An appreciable increase of fresh biomass was observed for the three populations Shawnee, Dacotah and Alamo. In several studies, the authors have observed the positive effects of the use of compost on the weight of different plants. For example, Smith et al. (2001) observed that the addition of compost from market and garden refuses at rates of 25% and 50% (v/v) to sandy soil improved significantly the total leaf fresh mass of Swiss chard (Beta vulgaris L. var. flavescens). Ostos et al. (2008) showed positive effects of the use of compost on the weight of Pistacia lentiscus L. In greenhouse experiments, Bernal-Vicente et al. (2008) found positive effects exerted by citrus compost on the weight of melon plants. Using a green compost as soil amendment, Roy et al. (2010) showed increased biomasses of Zea mays, Phaseolus vulgaris and Abelmoschus esculentus.
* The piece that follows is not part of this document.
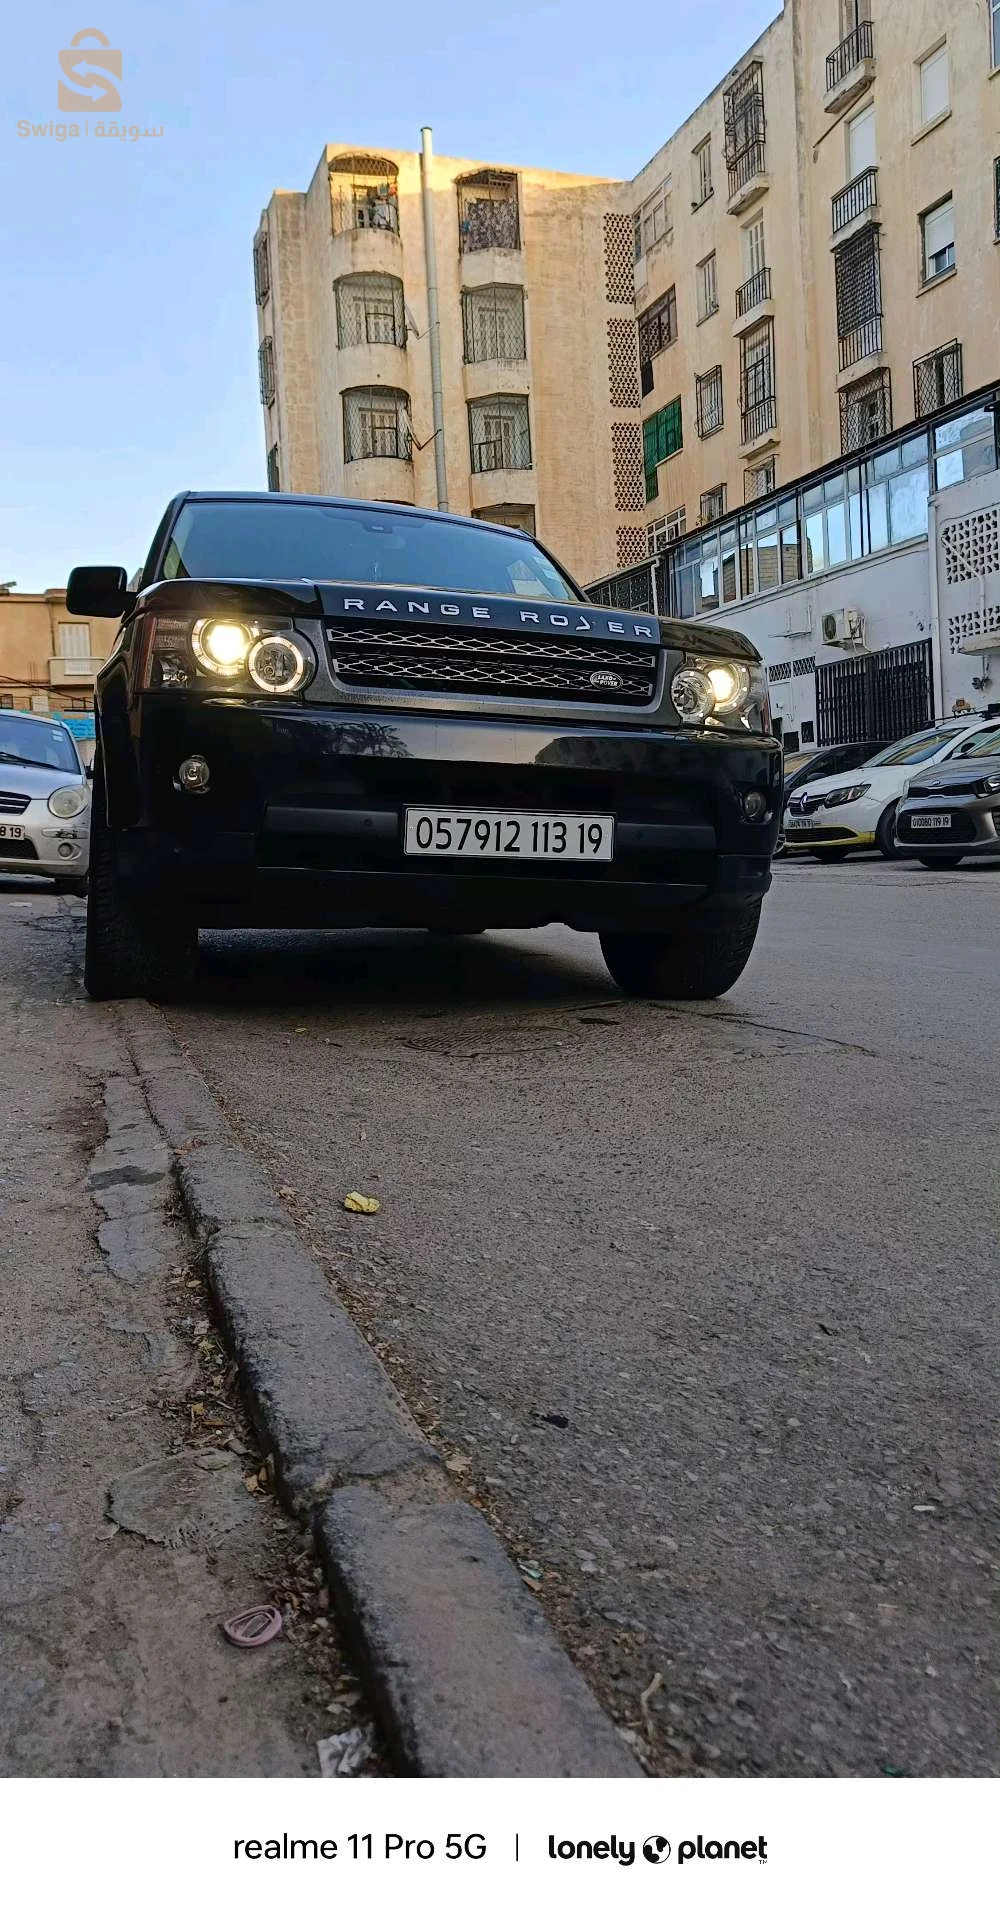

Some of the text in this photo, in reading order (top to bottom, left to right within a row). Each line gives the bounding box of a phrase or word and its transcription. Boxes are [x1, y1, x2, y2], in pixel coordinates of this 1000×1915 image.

[343, 598, 491, 619] RANGE
[10, 827, 22, 838] 19
[416, 816, 603, 854] 057912 113 19
Testing the effects of compost-based growing media on the dry weight of some bedding plants, Grigliatti et al. (2007) found the best results when compost was added in the growing media at rates from 25 to 50%. The observed effects were likely due to the same nutritional and protective effects reported above.
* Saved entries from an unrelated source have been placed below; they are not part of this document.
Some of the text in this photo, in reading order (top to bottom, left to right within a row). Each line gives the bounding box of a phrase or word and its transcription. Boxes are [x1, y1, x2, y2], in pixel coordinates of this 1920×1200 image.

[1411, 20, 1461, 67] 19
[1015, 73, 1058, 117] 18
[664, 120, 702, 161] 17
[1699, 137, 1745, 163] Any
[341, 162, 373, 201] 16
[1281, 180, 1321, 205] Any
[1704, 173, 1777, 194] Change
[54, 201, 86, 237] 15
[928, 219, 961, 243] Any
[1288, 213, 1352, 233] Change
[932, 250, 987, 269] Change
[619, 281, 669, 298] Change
Finally, when the variations (average variation obtained for the four populations) of each growth parameter were correlated with the properties of the substrates adopted, it resulted that plant growth stimulation appeared related to some properties of composts, especially pH and TOC when an higher C/P rate was used. The negative correlations observed between plant growth and pH at the highest dose of compost could be ascribed to the high pH values of these mixtures that are greater than the pH range (pH 5.3-6.5) suggested by Abad et al. (2001). The positive influence of TOC of the mixtures at the highest C/P rate may be possibly related to the increased retention of water and nutrients.

5. Conclusions

The growth of the four switchgrass populations appeared generally influenced positively by the replacement of a percentage of peat with compost in the growing media. These effects depended significantly on the compost properties and dose, and on the population and plant organ considered. In particular, the lowest and intermediate doses of compost appeared more efficient for GC/P and MC/P mixtures, whereas the intermediate and the highest doses of compost showed the best results for CC/P mixtures. The beneficial effects of the compost were very evident for the Shawnee population, and less evident for the Shelter population. These results confirm the beneficial action of compost on switchgrass growth, and encourage its use as soil amendment in areas where this plant grows naturally or is cultivated. In conclusion, the application of compost could partially reduce the problem related to waste disposal, reduce the use of peat and related costs, and increase the biomass production of switchgrass populations.

Acknowledgements

This work was supported by the Research Contract No. W911NF-08-1-0076 of the U.S. Army RDECOM ACQ CTR - W911NF, Durham NC, USA. Project title: Effects of quality composts and other organic amendments and their humic and fulvic acid fractions on the germination and early growth of slickspot Peppergrass (Lepidium papilliferum) and switchgrass in various experimental conditions, funded by the Airspace, Ranges, and Airfield Operations Division, HQ Air Combat Command, Langley AFB, VA. The opinions and conclusions in this article are those of the authors and do not necessarily reflect those of the U.S. Air Force, United States Army, or the Federal government.

The authors wish to thank the Mediterranean Agronomic Institute of Bari of CIHEAM for kind supplying the coffee compost.